Figure 6.

PKG-Iα–dependent phosphorylation of PDE3A at S⁶⁵⁴inhibits PDE3A activity and protects intracellular cAMP from degradation.A, in HEK293T cells, overexpressed PKG-Iα associates with both wtPDE3A and mutant S⁶⁵⁴A-PDE3A. B, however, only wtPDE3A is phosphorylated at S⁶⁵⁴ when cells were treated with 8-bromo-cGMP (4 h). C, the activity of wtPDE3A was also downregulated by PKG-Iα overexpression, whereas the S654A-mutant PDE3A was unaffected. D, similarly, cAMP levels were increased by PKG-Iα overexpression in cells expressing wtPDE3A but not in cells expressing the S⁶⁵⁴A-PDE3A mutant.
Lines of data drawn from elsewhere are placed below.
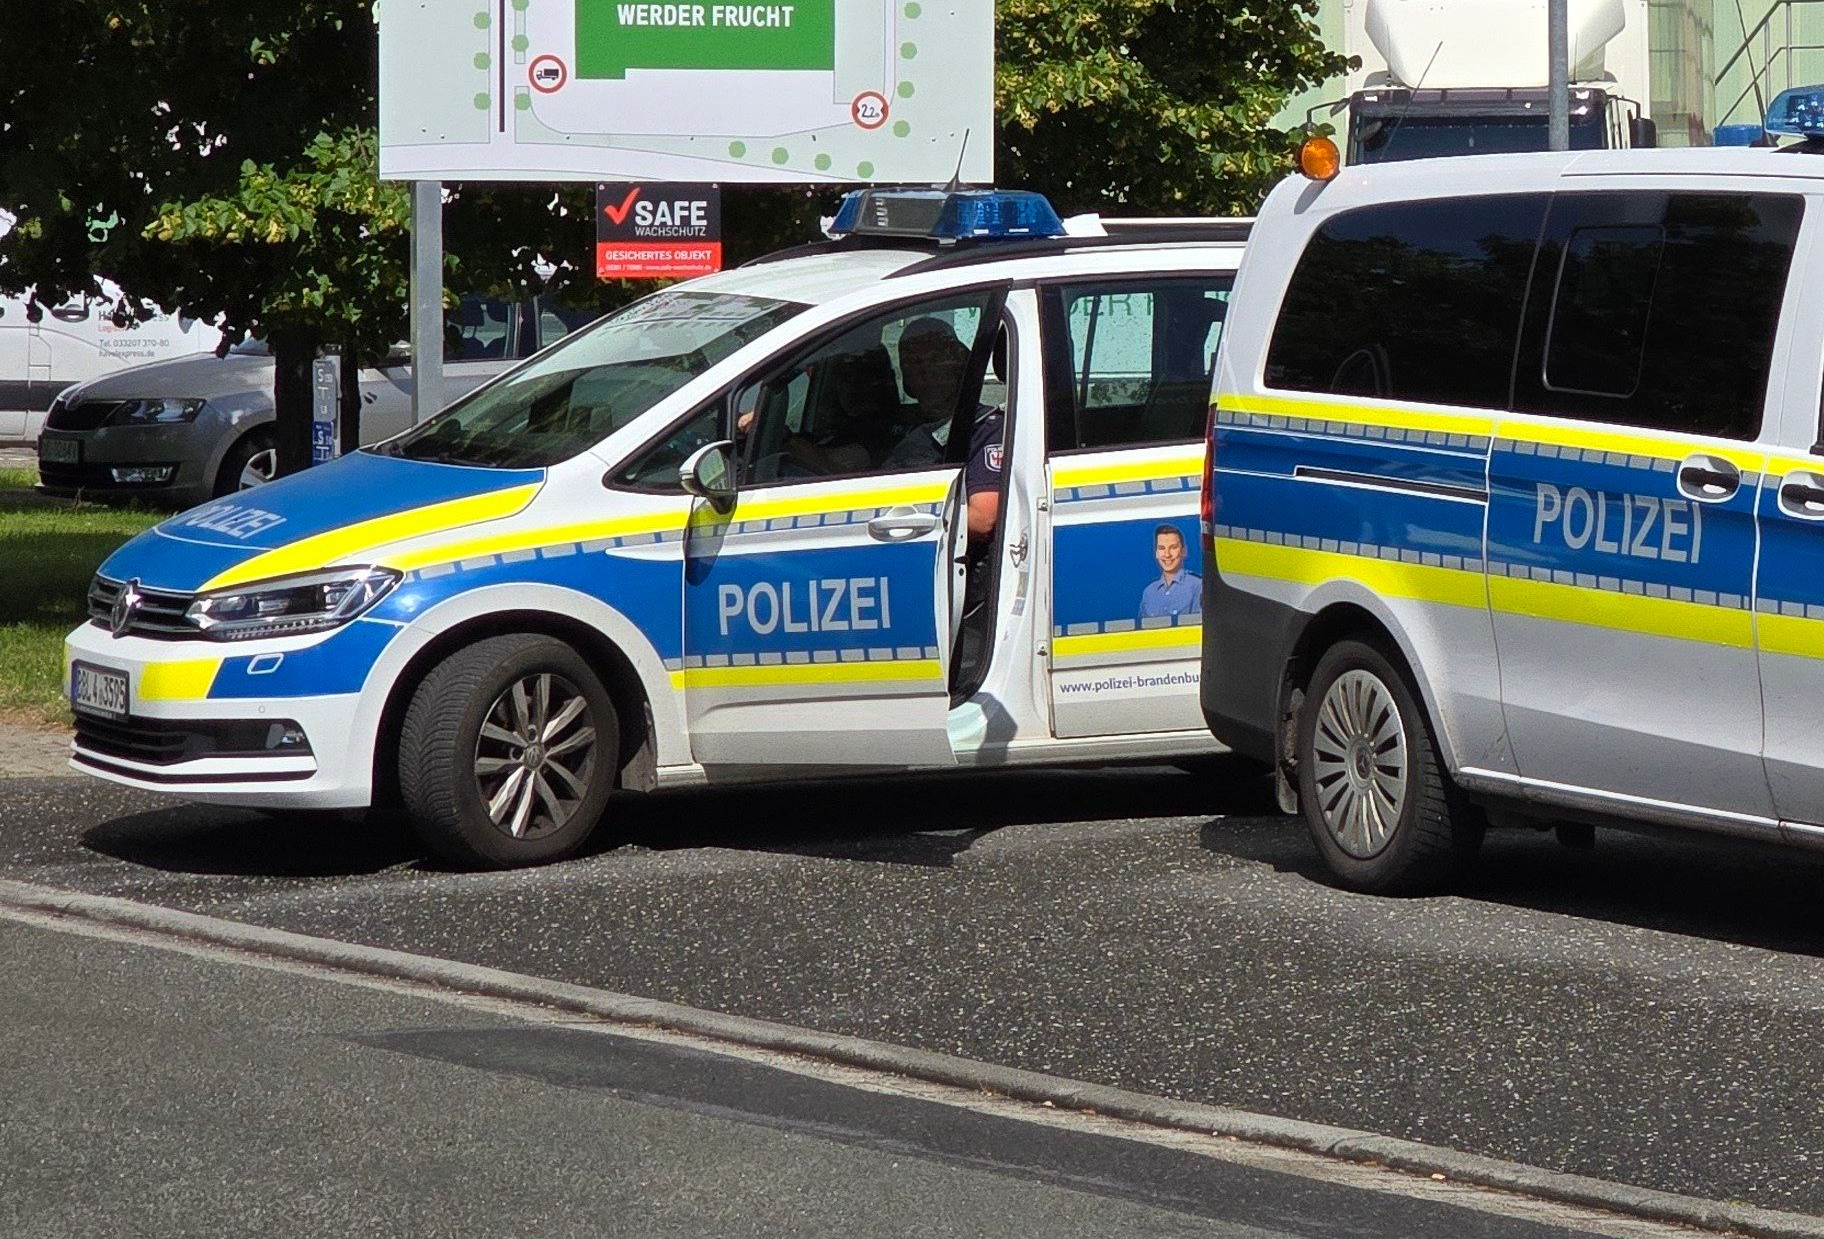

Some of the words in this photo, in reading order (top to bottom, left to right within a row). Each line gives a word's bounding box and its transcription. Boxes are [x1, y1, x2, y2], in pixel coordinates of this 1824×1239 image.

[617, 4, 705, 26] WERDER
[712, 5, 794, 27] FRUCHT
[635, 201, 707, 226] SAFE
[635, 227, 706, 237] WACHSCHUTZ
[605, 250, 672, 261] GESICHERTES
[674, 250, 712, 260] OBJEKT
[1533, 482, 1702, 564] POLIZEI
[718, 576, 891, 635] POLIZEI
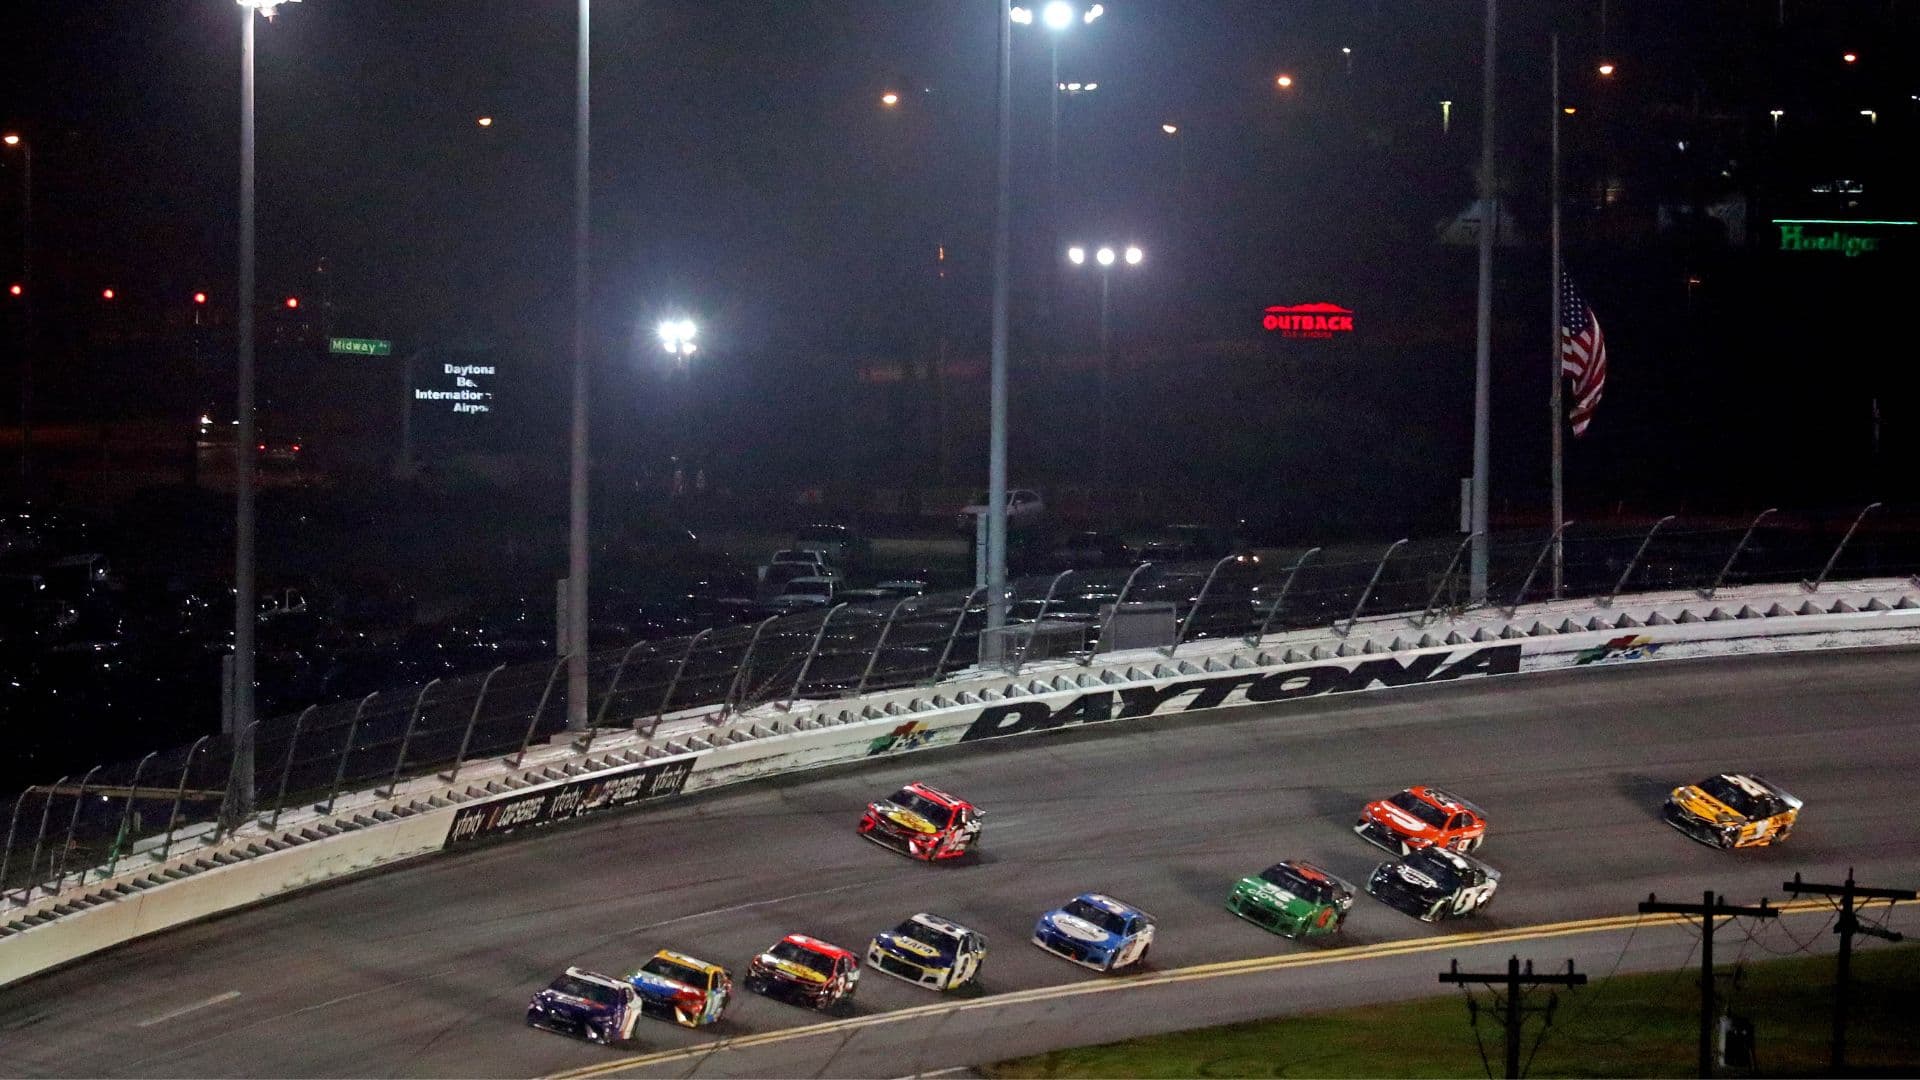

Data in B represent mean ± SEM, n = 3. ∗p < 0.05 wtPDE3A alone versus wtPDE3A + PKG-Iα; ^†p < 0.05 mutPDE3A + PKG-Iα versus wtPDE3A + PKG-Iα. Data in C and D represent mean ± SEM, n = 4. ∗p < 0.05 wtPDE3A alone versus wtPDE3A + PKG-Iα; ^†p < 0.05 wtPDE3A + PKG-Iα versus mutPDE3A + PKG-Iα. HEK293T, human embryonic kidney 293T cells; PDE3A, phosphodiesterase 3A; PKG-Iα, protein kinase G-Iα; S⁶⁵⁴, serine 654.